Bugzilla – Bug 20642
[FO30] non-hierarchic URIs
Last modified: 2013-03-12 16:14:23 UTC
fn:resolve-uri makes reference to non-hierarchic URIs.
I couldn't find a description of how to determine whether a URI is non-hierachic.
I'm guessing that it is what Java describes as Opaque URIs, rather than requiring knowledge of the specifics of all possible URI schemes.
Could this be clarified in the specification?
The term "hierarchic" is used in the sense of RFC 3986, which uses the term extensively though it does not define it formally.
RFC 3986 in its list of changes states "All references to "opaque" URIs have been replaced with a better description of how the path component may be opaque to hierarchy." Java is using the old terminology.
I'm happy to add an informal explanation, e.g. hierarchic URI (in the sense of RFC 3986).
(In reply to comment #1)
> The term "hierarchic" is used in the sense of RFC 3986, which uses the term
> extensively though it does not define it formally.
I read through that, and it does refer to "base URI has a non-hierarchical path" but I couldn't point to anything obvious in the specification that identified that non-hierarchical paths meant URIs which match the path-rootless production.
It's more obvious from the RFC 2396 production:
absoluteURI = scheme ":" ( hier_part | opaque_part )
The text from RFC 3986:
"For some URI
schemes, the visible hierarchy is limited to the scheme itself:
everything after the scheme component delimiter (":") is considered
opaque to URI processing. Other URI schemes make the hierarchy
explicit and visible to generic parsing algorithms."
seems to indicate that the hierachic nature is dependent on the scheme. e.g. mailto is always non-hierarchic, http is always hierarchic.
> I'm happy to add an informal explanation, e.g. hierarchic URI (in the sense
> of RFC 3986).
Yes please - or a fairly specific reference into the RFC. Thanks.
" A path consists of a sequence of path segments separated by a slash
("/") character. A path is always defined for a URI, though the
defined path may be empty (zero length). Use of the slash character
to indicate hierarchy is only required when a URI will be used as the
context for relative references. "
might lead one to believe that a URI is hierarchic if it contains a slash.
Microsoft's .NET System.Uri class allows resolution against "opaque" URLs. Why does F&O forbid it, since an "opaque" URI is absolute?
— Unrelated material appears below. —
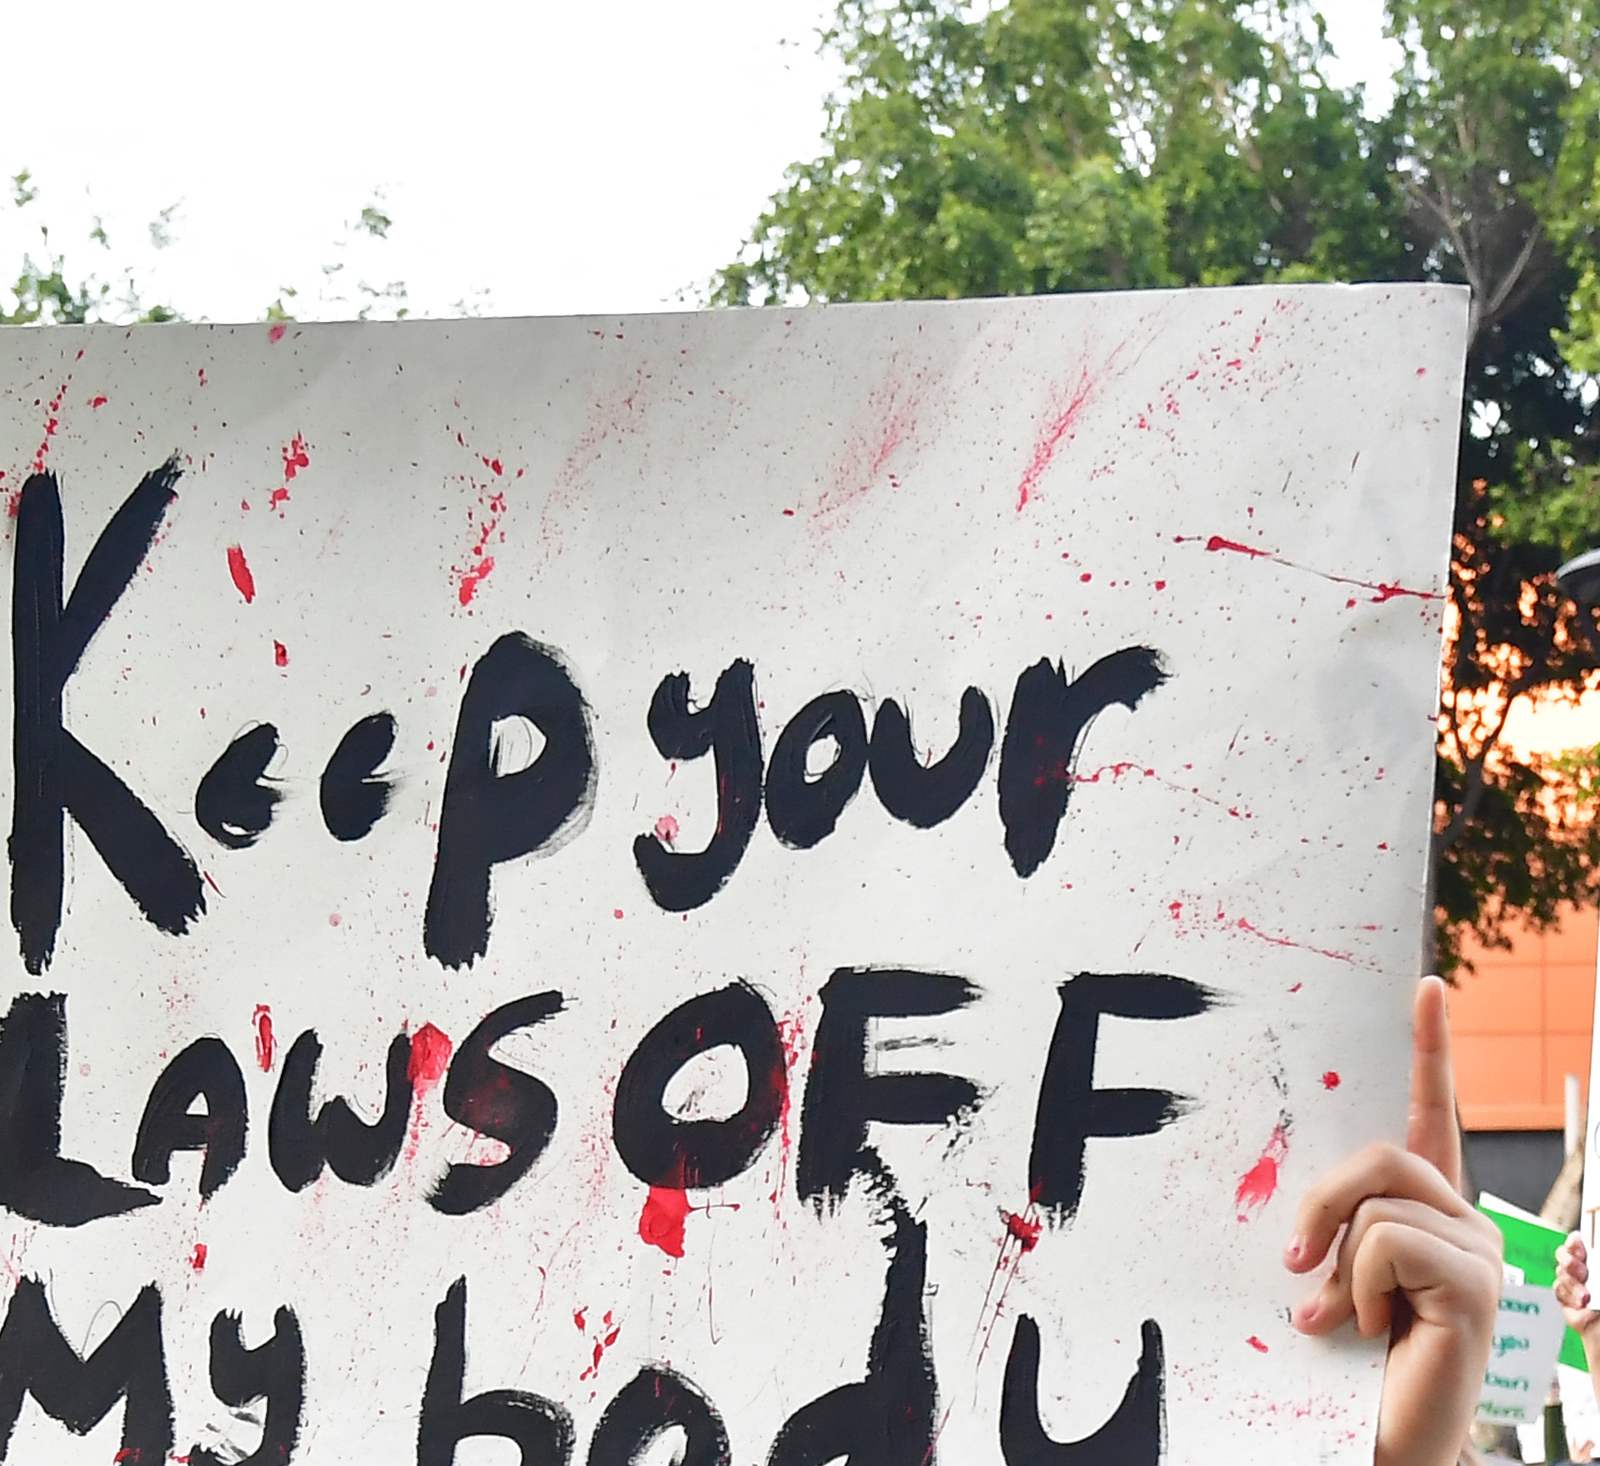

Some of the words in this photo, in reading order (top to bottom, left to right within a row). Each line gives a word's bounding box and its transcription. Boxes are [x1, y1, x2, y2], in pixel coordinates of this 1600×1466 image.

[7, 456, 600, 973] Keep
[636, 640, 1175, 916] your
[611, 968, 1227, 1221] OFF
var urn = new Uri("urn:isbn:foo");
var mailto = new Uri("mailto:email@example.com");
var foo = new Uri(urn, mailto);
Console.WriteLine(foo); // prints mailto:firstname.lastname@example.org
var bar = new Uri(mailto, urn);
Console.WriteLine(bar); // prints urn:isbn:foo
As regards your example, I think this rule:
If $relative is an absolute IRI (as defined above), then it is returned unchanged.
is intended to take precedence over this one:
A dynamic error is raised [err:FORG0002] if $base is not ... a suitable IRI to use ...
I agree that isn't necessarily clear in the spec.
Is this what the issue is here?
As regards the definition of a "non-hierarchic URI", I don't want to attempt to publish any kind of interpretation or clarification of the RFC: if timbl thinks it's a good enough specification, then it's not for me to say he's wrong. If there's more than one interpretation of what the term means, then I'm happy to say that you can use whichever one you want. The RFC states in 1.2.3 "...relative references can only be used within the context of a hierarchical URI", and we are merely referring to that statement, not attempting to amplify it.
> Is this what the issue is here?
No. My example was wrong. I meant to use "b.html" as one of the URIs. .NET does indeed through a (rather obscure) error when trying to resolve this against the URN. Just ignore all that!
The issue is how to determine what constitutes a non-hierarchic URI. I'm guessing what Java identifies as Opaque URIs is one approximation. But I suspect it really boils down to how any specific URI scheme has been defined - and that's covered by scheme specific RFCs, not RFC 3986. In that sense, RFC 3986 isn't at all at fault.
Were we to add the test:
what result would you expect?
Tim, yes, individual URI scheme registrations are responsible for saying whether a URI is hierarchical.
I agree it's messy, and if a library decides to be over-optimistic and allow resolution of a relative URI against against, say, a mailto: URI, it's up to the user not to do that :-) - otherwise you'd be stuck when a new hierarchical scheme was defined that the library didn't recognise.
The WG discussed this in Agenda 2013-03-05 and decided no change was to be made to the specification.